For most Americans who’ve recently started living in Colombia, life is full of adjustments. During my time here, I’ve discovered ways to be successful and get the most out of each day despite the differences in environment.
Based on my experiences, here are three of the most significant ways to thrive as an American in Colombia:
1) Speak Spanish
Whether you’re a seasoned Spanish speaker or you just finished Spanish 100, make an effort to speak Spanish whenever possible. This is especially important if you’re with a mixed group of Colombians and Americans. Back at my home university, I knew a couple French exchange students who would speak English with each other when around me and my American friends. I always found this to be considerate, and I know many Colombians feel the same way when we Americans speak Spanish with each other.

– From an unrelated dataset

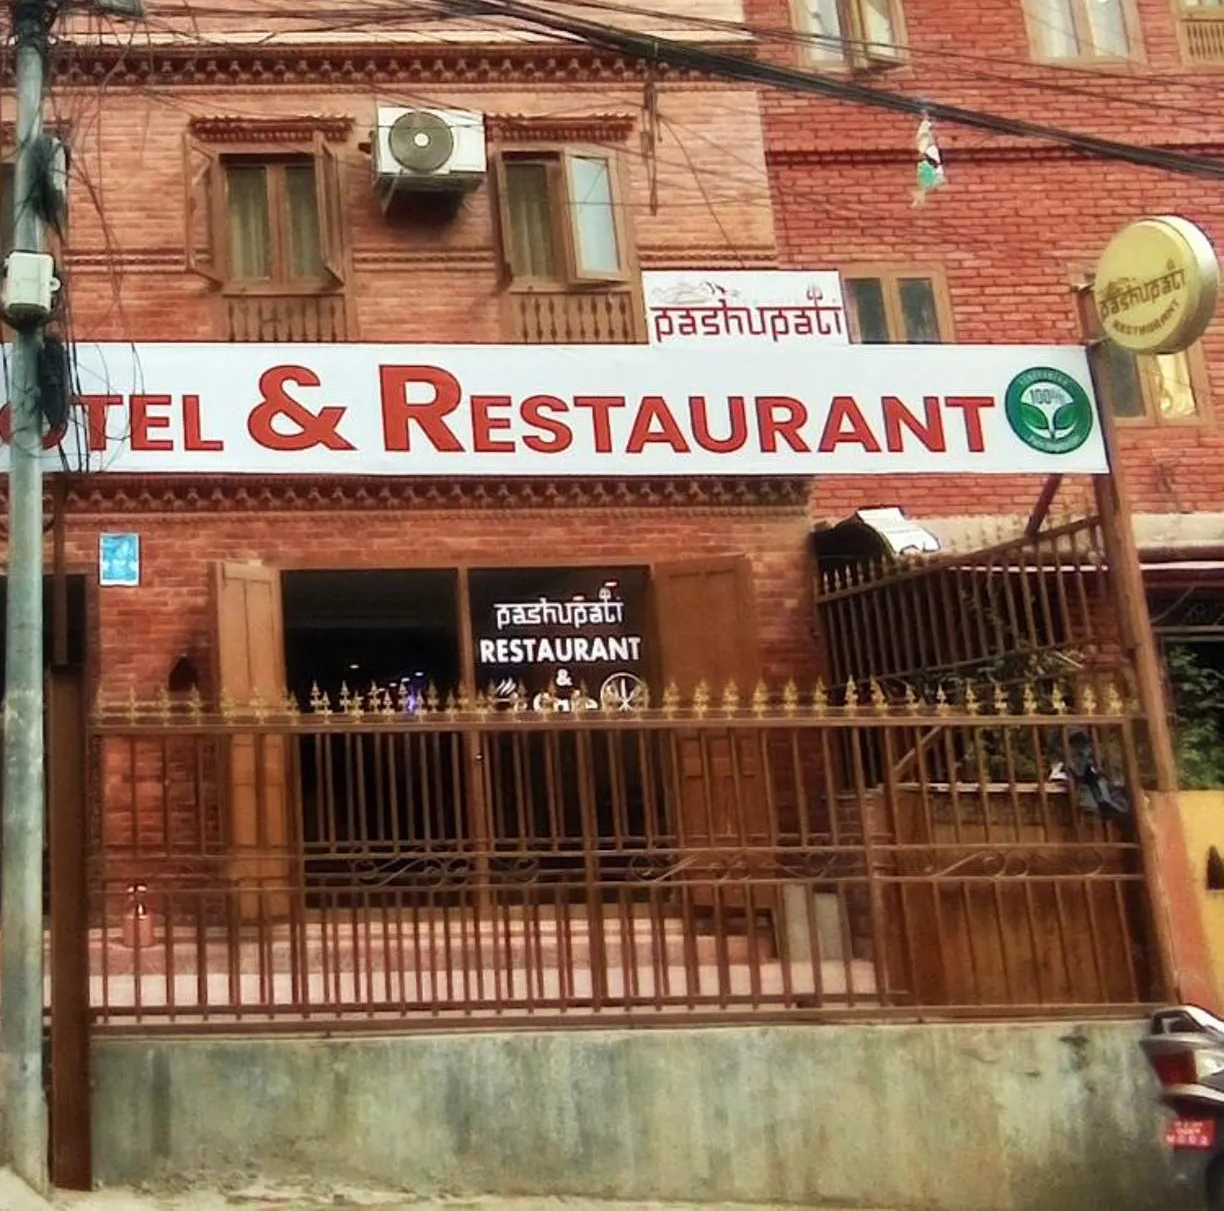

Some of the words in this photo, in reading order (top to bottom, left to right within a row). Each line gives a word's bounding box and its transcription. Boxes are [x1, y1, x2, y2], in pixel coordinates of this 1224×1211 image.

[247, 365, 356, 451] &
[379, 365, 995, 454] RESTAURANT
[479, 637, 641, 664] RESTAURANT
[555, 668, 573, 687] &

Another important opportunity to use Spanish is while conversing with other international students. While studying at Uninorte, I have met some awesome students from France, Italy, Switzerland, and Germany, with whom I speak Spanish almost exclusively. While watching a fútbol game with some of these European students, a Colombian friend mentioned how impressive it was that we international students, most likely more comfortable speaking English, all converse in Spanish.

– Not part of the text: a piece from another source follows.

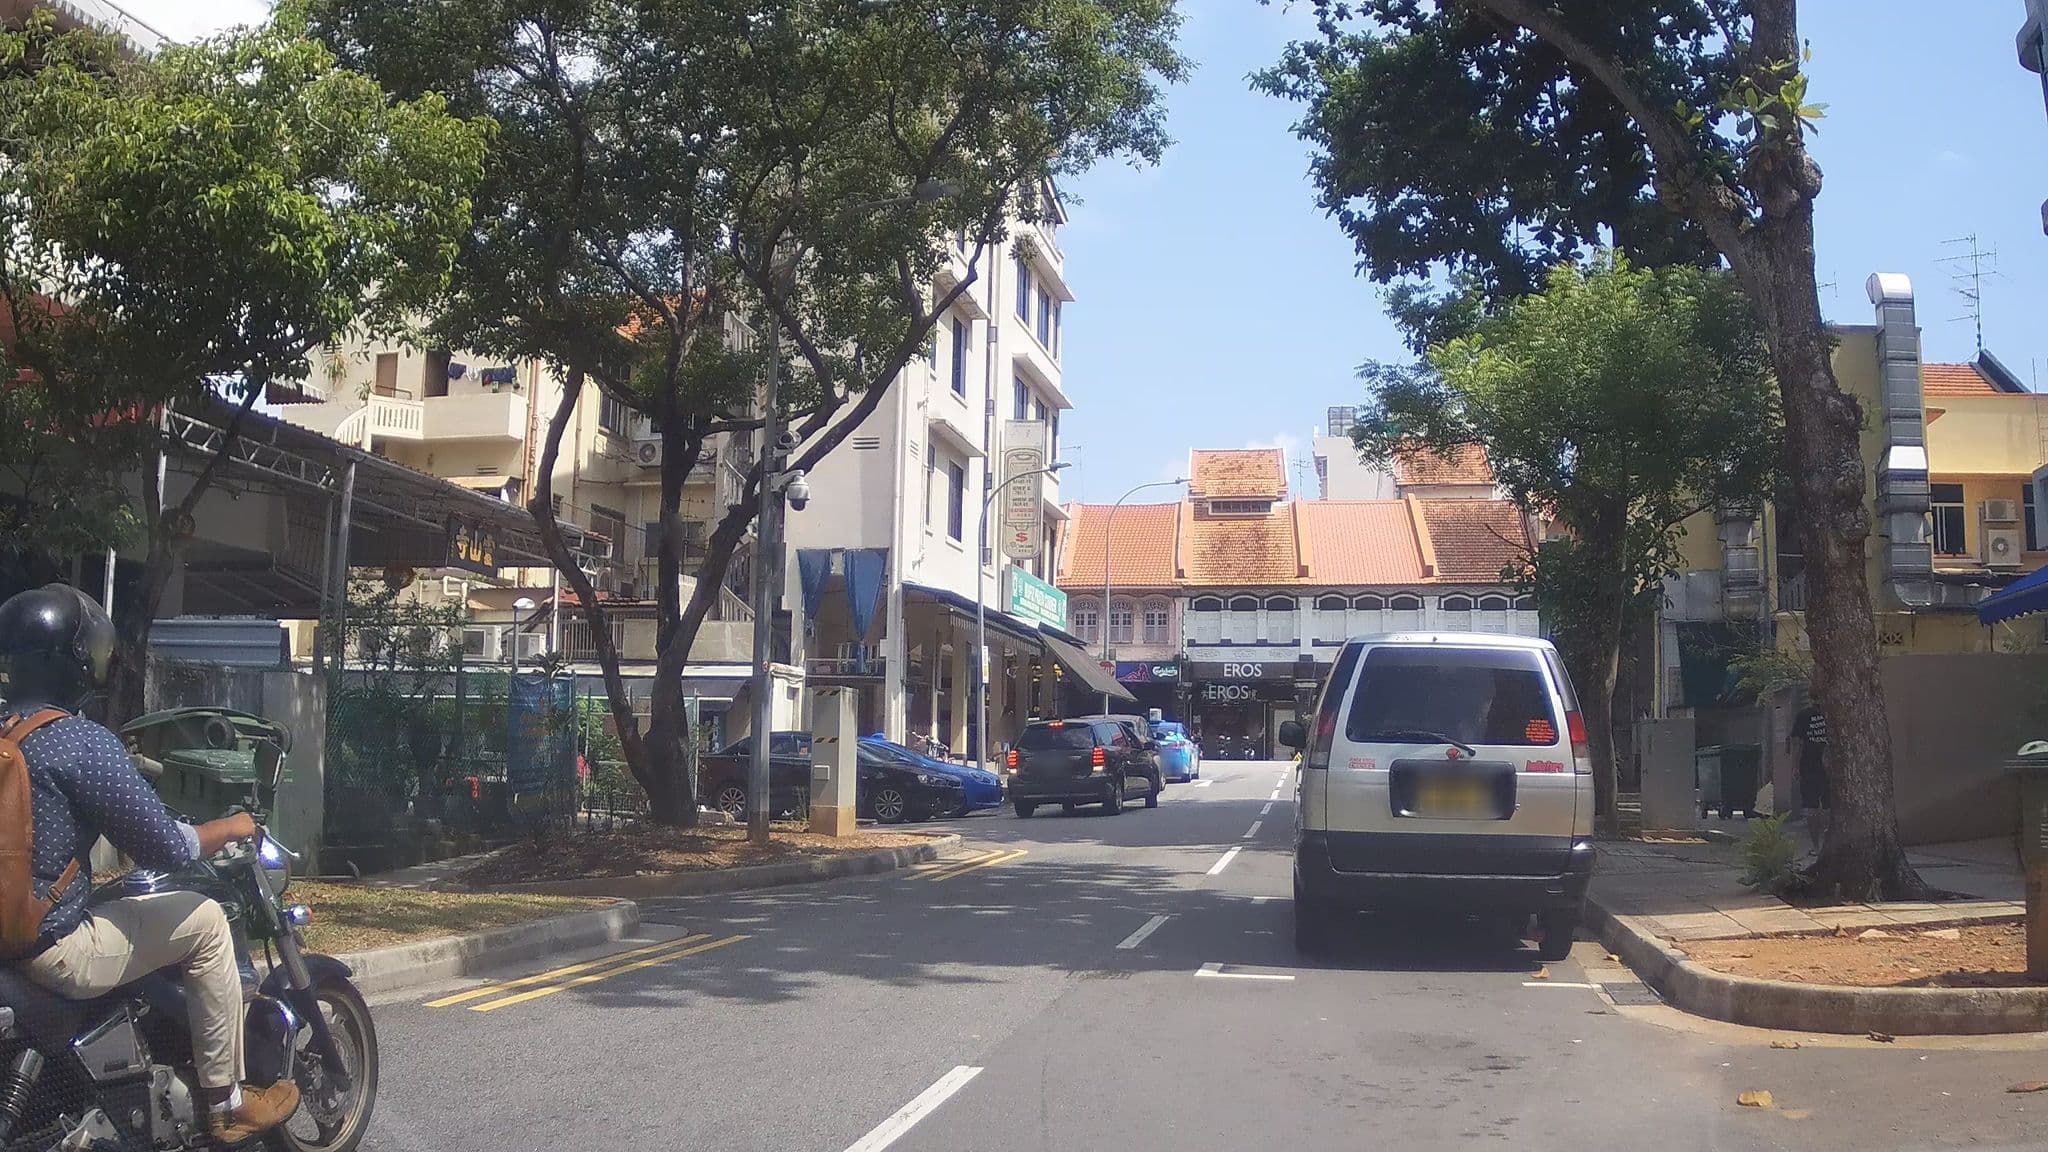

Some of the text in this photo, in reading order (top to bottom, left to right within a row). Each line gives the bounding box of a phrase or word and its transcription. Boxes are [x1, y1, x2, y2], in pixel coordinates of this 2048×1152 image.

[1153, 666, 1178, 677] Carlsberg
[1223, 663, 1262, 678] EROS
[1208, 685, 1249, 700] EROS

Barranquilleros also love it when Americans throw around local lingo while speaking Spanish. Here are a few of my favorite costeñol (coastal Colombian Spanish) words:
-”Chevere”/ “bacano,” which translate to “cool”
-”Full,” meaning “very” or “so”
-”Pa’,” short for the Spanish word “para,” which translates to “for” or “to”
-”Vaina,” meaning “thing,” “thingy,” or “thingamabob”
It’s really fun to pepper costeñol words and phrases such as these into my daily speech, and locals love it!
Regardless of your skill level, when you make efforts to speak Spanish while in Colombia, locals will be appreciative. Not to mention you will become more experienced and fluent in the language!
2) Do as the Locals Do
While in Colombia, it is important to be in tune with the locals; it will make your life a lot easier!
Shortly after arriving in Barranquilla, I noticed that many locals use umbrellas to protect themselves from the sun. Being from New York, I was not familiar with this practice, but quickly saw why it was so popular; the Barranquilla sun is “muy fuerte!” I bought myself an umbrella, and it is one of my best investments I’ve made here in Colombia. I use it multiple times a week, mostly for sun protection, but also for that occasional rainy day. When it rains in Barranquilla, it’s typically pretty heavy, so it’s good to be prepared.
Upon arriving in Colombia, I had a somewhat disappointing realization; people here don’t wear yoga pants in their daily attire. Jean wearing is the day to day norm, and yoga pants are reserved exclusively for the gym. Unfortunately, I came unprepared for this, packing several pairs of my comfy yoga pant capris and, contrary to my father’s advice, not a single pair of jeans. My logic was that the climate in Barranquilla is hot and humid, so there would be no need for me to bring jeans. I was pretty off with that assumption.
I ended up buying jeans a few days after getting here, as it was kind of a necessity. One amazing thing about Barranquilleros is that they’re able to endure the strong Caribbean heat while looking fabulous at the same time, something that I struggle to do but actively aspire towards.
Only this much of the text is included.